**INPUT DATA**.
□ □ □ □

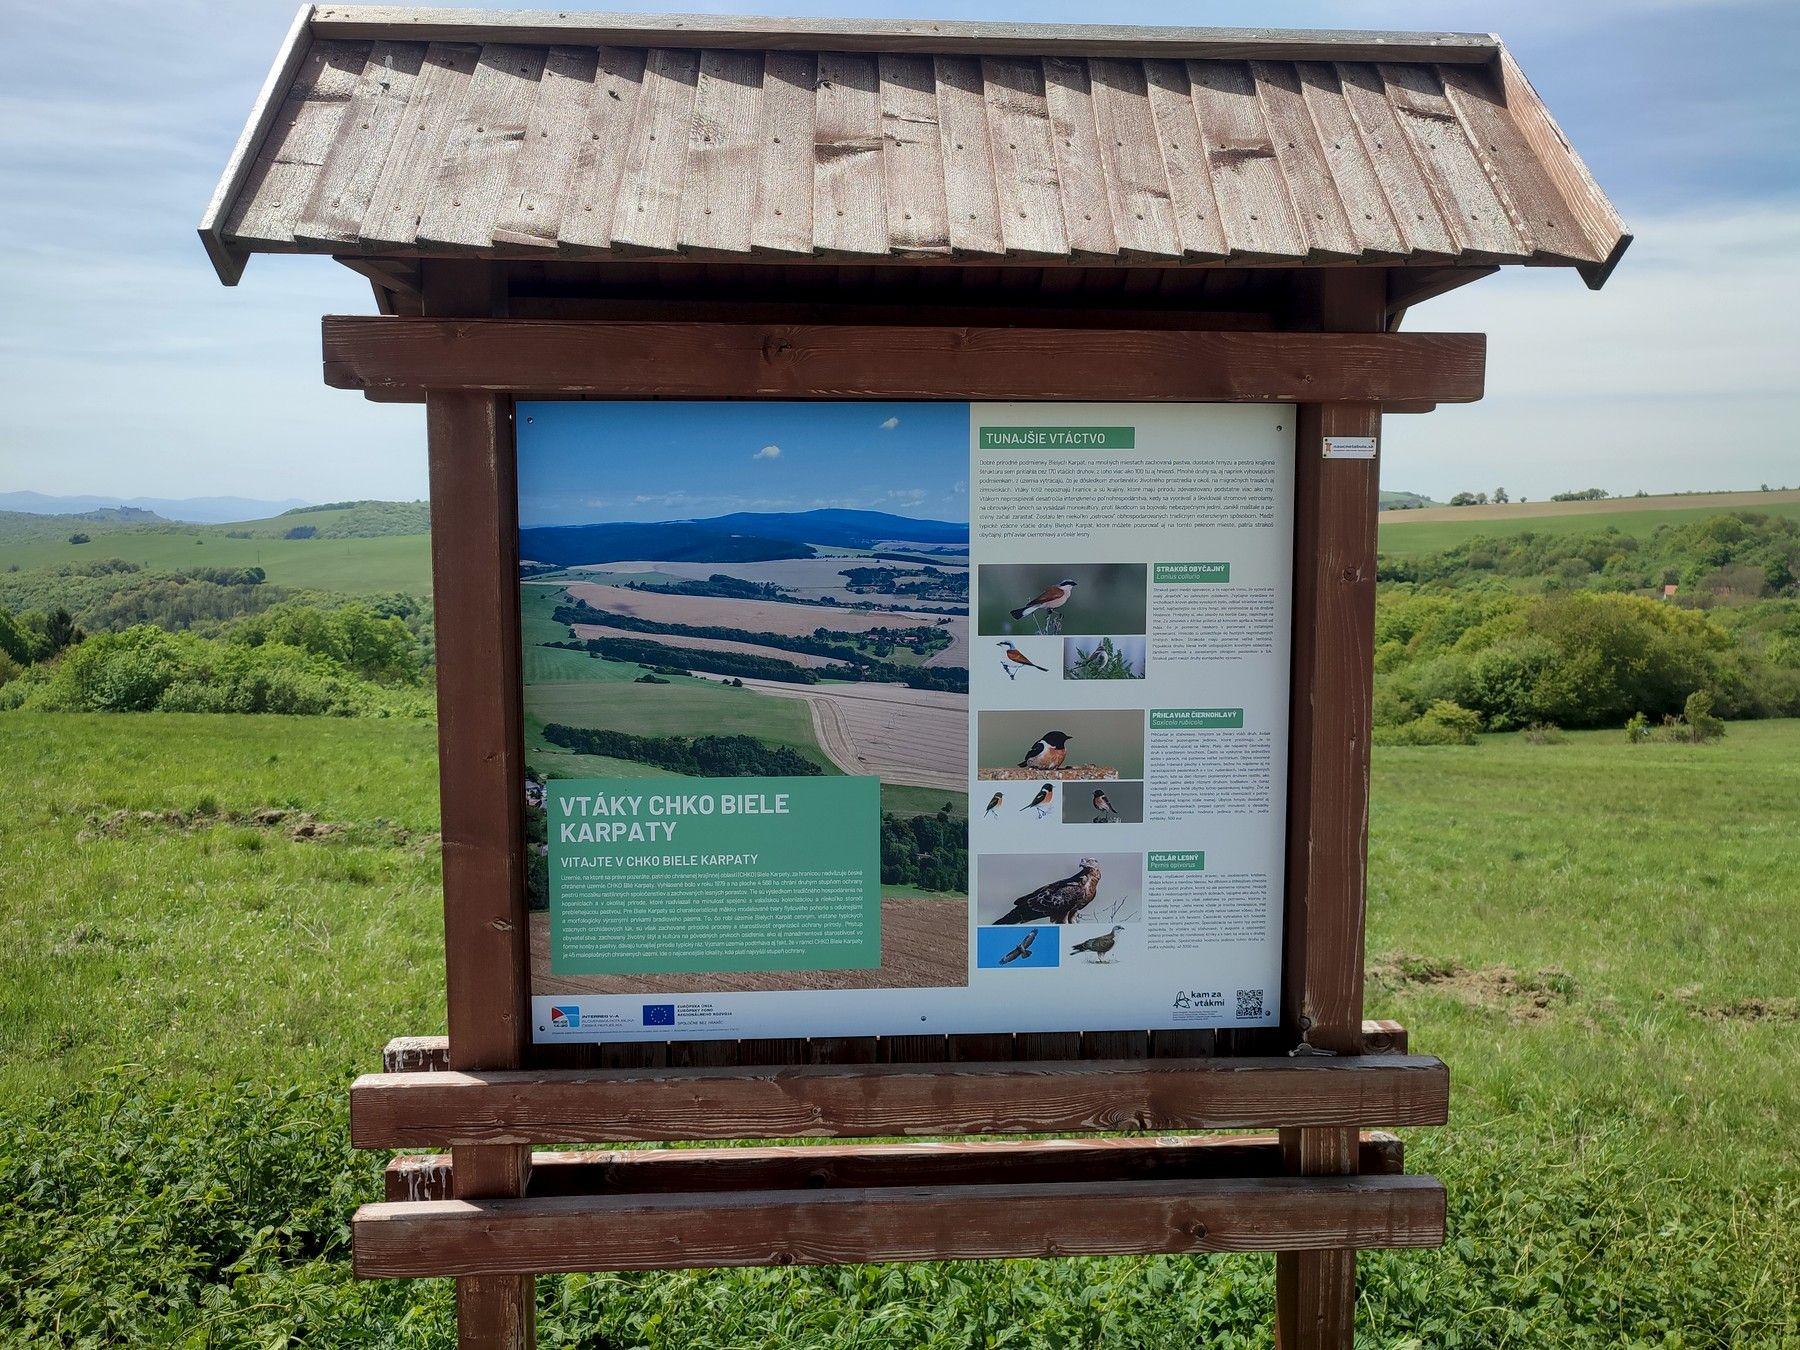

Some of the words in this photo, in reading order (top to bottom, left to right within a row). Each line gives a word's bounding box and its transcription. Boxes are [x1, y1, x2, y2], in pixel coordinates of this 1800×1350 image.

[986, 430, 1046, 444] TUNAJŠIE
[1050, 431, 1106, 444] VTÁCTVO
[1156, 565, 1188, 573] STRAKOŠ
[1188, 564, 1225, 573] OBYČAJNÝ
[559, 792, 642, 817] VTÁKY
[649, 795, 715, 816] CHKO
[721, 794, 790, 814] BIELE
[560, 821, 677, 843] KARPATY
[560, 856, 613, 867] VITAJTE
[615, 856, 624, 866] V
[626, 856, 660, 866] CHKO
[662, 855, 698, 866] BIELE
[701, 854, 758, 865] KARPATY
[1194, 999, 1225, 1007] vtákmi

□ □ □ □

**BRIEF**. Print the preceding material over again exactly. Please leave the pictures out.

**SOLUTION FOR THIS TASK**.
Some of the words in this photo, in reading order (top to bottom, left to right within a row). Each line gives a word's bounding box and its transcription. Boxes are [x1, y1, x2, y2], in pixel coordinates of this 1800×1350 image.

[986, 430, 1046, 444] TUNAJŠIE
[1050, 431, 1106, 444] VTÁCTVO
[1156, 565, 1188, 573] STRAKOŠ
[1188, 564, 1225, 573] OBYČAJNÝ
[559, 792, 642, 817] VTÁKY
[649, 795, 715, 816] CHKO
[721, 794, 790, 814] BIELE
[560, 821, 677, 843] KARPATY
[560, 856, 613, 867] VITAJTE
[615, 856, 624, 866] V
[626, 856, 660, 866] CHKO
[662, 855, 698, 866] BIELE
[701, 854, 758, 865] KARPATY
[1194, 999, 1225, 1007] vtákmi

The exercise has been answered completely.